Of Birds and Berries

Great Blue Heron in Mill Creek at Rook Park.
Elderberry wine, anyone?

An Easy Skate

Yup, that is Chris skating the Mill Creek trail in Rooks Park, 5 miles east of Walla Walla.

'Whoa, what's that?" I asked. "Walla Walla Community College Stadium." my DH answered.

See the Heat?

This is the 'wrong side of the tracks' where the state pennitentiary is located. Pretty barren, dry, and hot looking, don't you think?

"Yup, it is pretty damned hot here, let's get back in the car."

Friday, September 14, 2007

Whitman College

No, there is no one I know who is going to Whitman, but it is a lovely and verdant piece of Walla Walla.

"Bottom's up!"

Click on this photo to get the 'big picture'. The light green that appears to be duck weed is really the reflection of a lovely Japanese maple; and don't you love the variegated dogwood that hangs over the water? It was such a hot day, probably close to 90 F.The ducks and I had the best place to be in Walla Walla.

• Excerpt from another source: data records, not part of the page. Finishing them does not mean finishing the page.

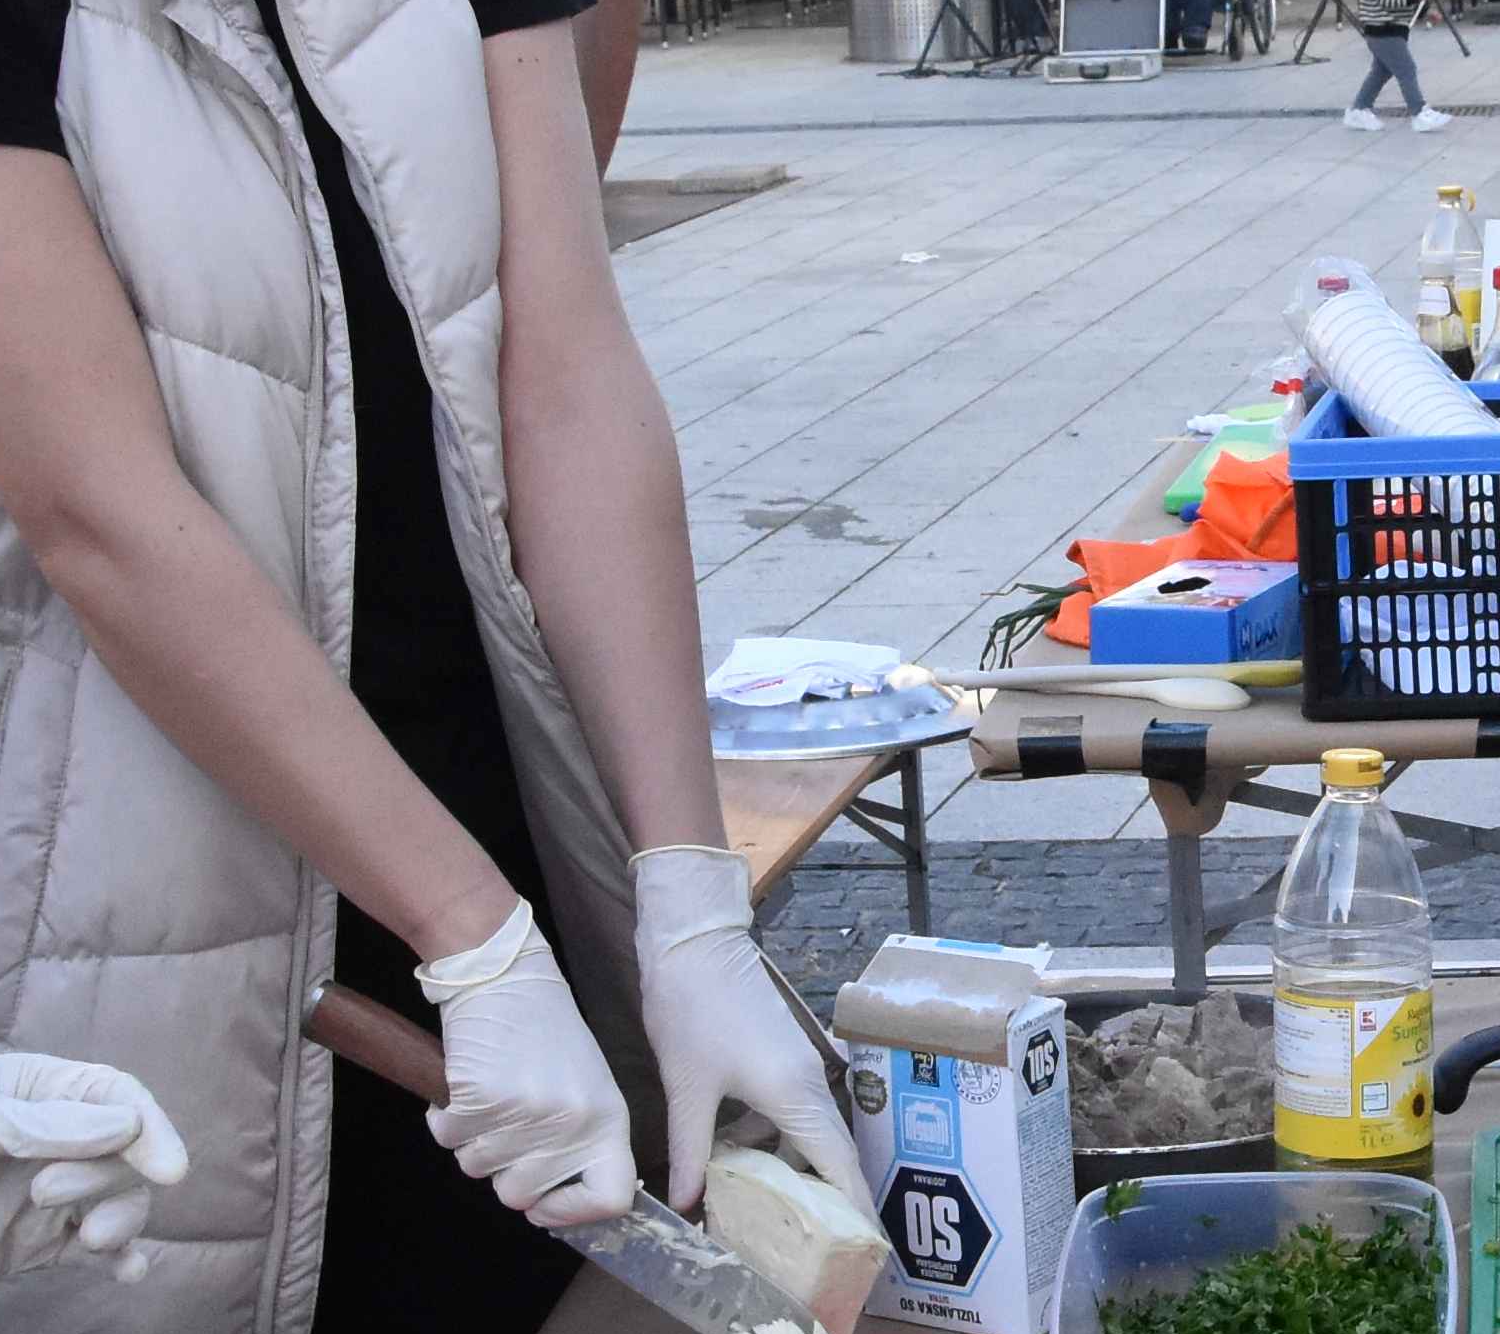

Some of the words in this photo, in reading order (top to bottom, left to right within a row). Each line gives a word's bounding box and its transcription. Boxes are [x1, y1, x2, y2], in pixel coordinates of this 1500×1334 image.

[1027, 1039, 1055, 1083] SOL
[904, 1190, 963, 1262] SO
[900, 1296, 915, 1312] SO
[918, 1302, 983, 1325] TUZLANSKA
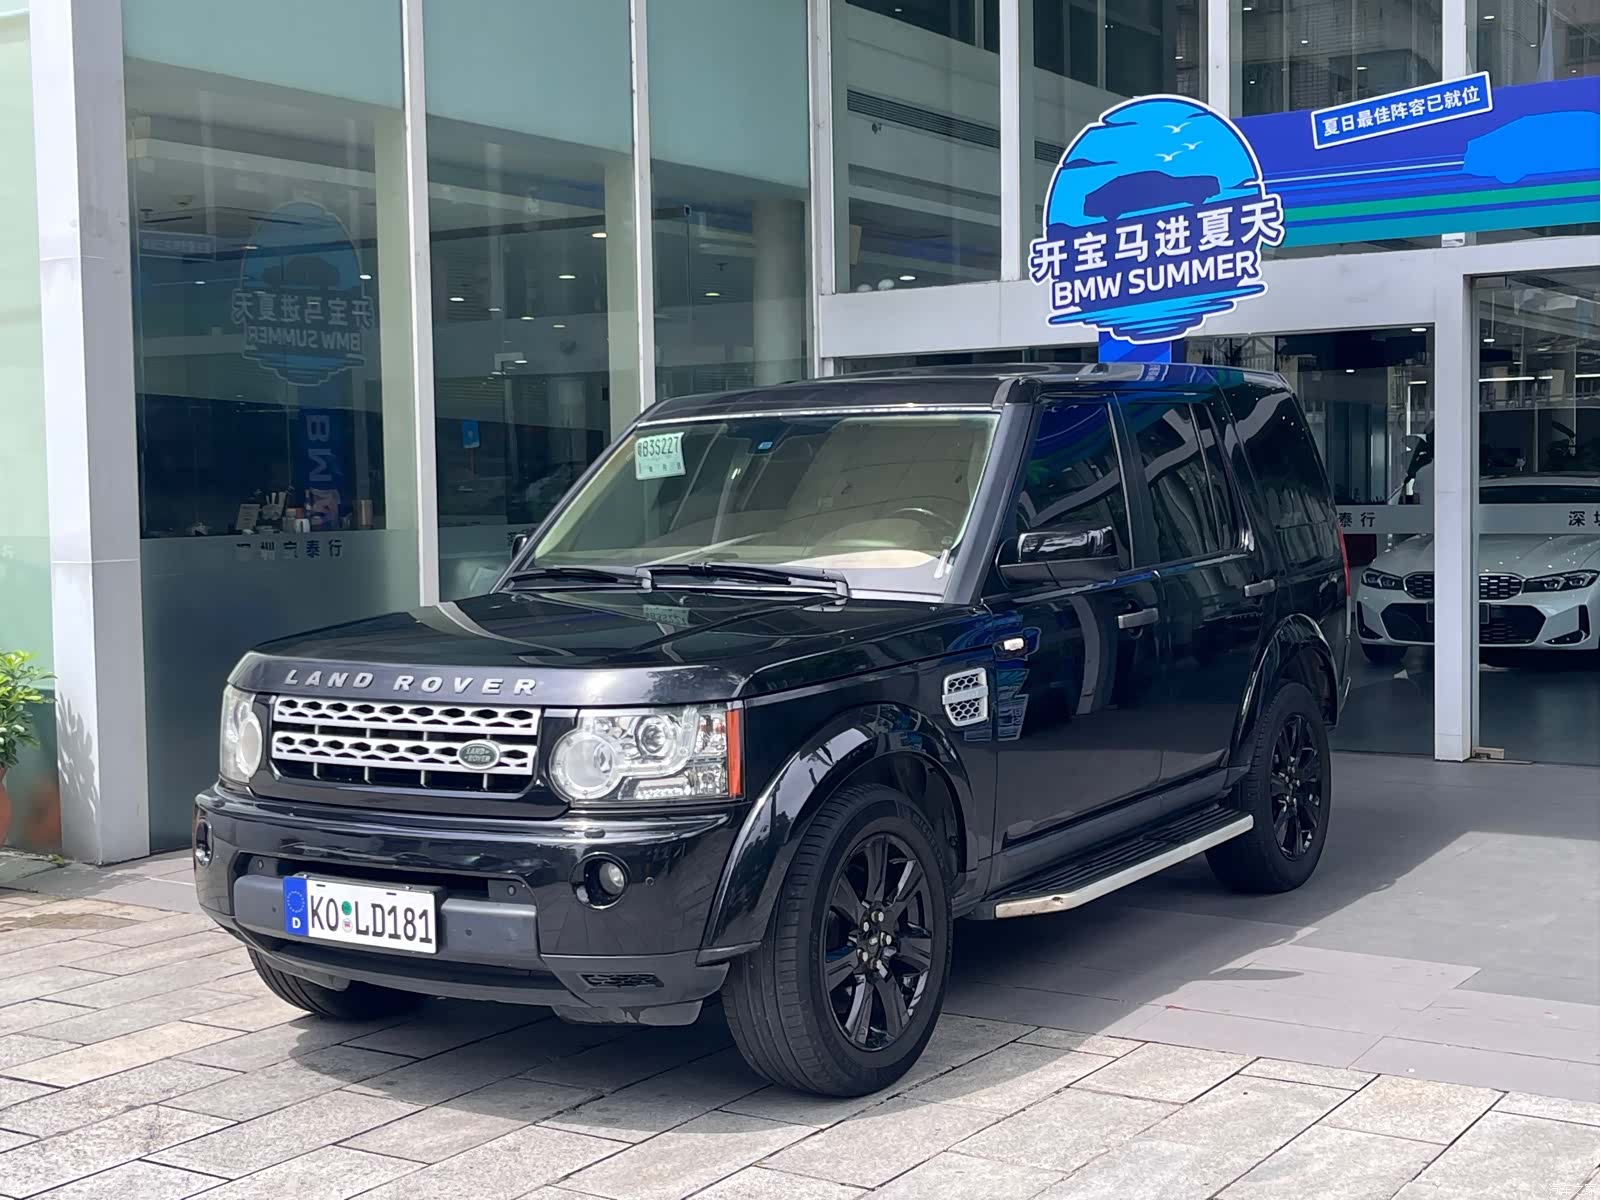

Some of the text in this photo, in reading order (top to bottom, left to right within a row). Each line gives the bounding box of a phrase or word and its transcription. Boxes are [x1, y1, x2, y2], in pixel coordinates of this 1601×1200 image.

[1322, 86, 1480, 137] 夏日最佳阵容已就位
[1032, 199, 1281, 280] 开宝马进夏天
[1054, 250, 1257, 307] BMW SUMMER
[284, 669, 537, 696] LAND ROVER
[465, 747, 486, 755] LAND
[292, 917, 302, 929] D
[310, 895, 433, 944] KO LD181

Thursday, September 13, 2007

Our Anniversary 'Get away'

Southeastern Washington is a whole lot different than the Puget Sound; flat, dry, full of wheat fields, orchards and of course vineyards, which is why we made it our destination.
If you look carefully you can see the 'wind farm' in the photo above.

So we arrive in Walla Walla and is it a bottle of vino we uncork? No, it is incredibly delicious beer at The Depot. That is the raspberry wheat beer in the photo above. The hamburger I had was equally tasty and done to medium rare perfection!

Sunday, September 02, 2007

We Give Thanks!

Waiting was hard and now it is over. Good news! My dad, aged 73 was diagnosed with bladder cancer in April then underwent intravesical therapy using the drug BCG in May and June which was NOT successful. Last week he had his bladder successfully removed (oh yes, you CAN do without!) and the report is that the cancer has NOT spread. We are thrilled, overjoyed and so very relieved! Thanks to all who have sent prayers and positive thoughts for healing. I talked to him today and he does sound tired but he is up and taking brief walks in the hospital halls and just maybe he will be going home this week. Being so far away is hard at times like these but it also makes me very thankful for the connectedness of my family. Everyday I have had someone to call, someone to fill me in. So in addition to being thankful for my dad's successful surgery I am thankful for the love and support of my family.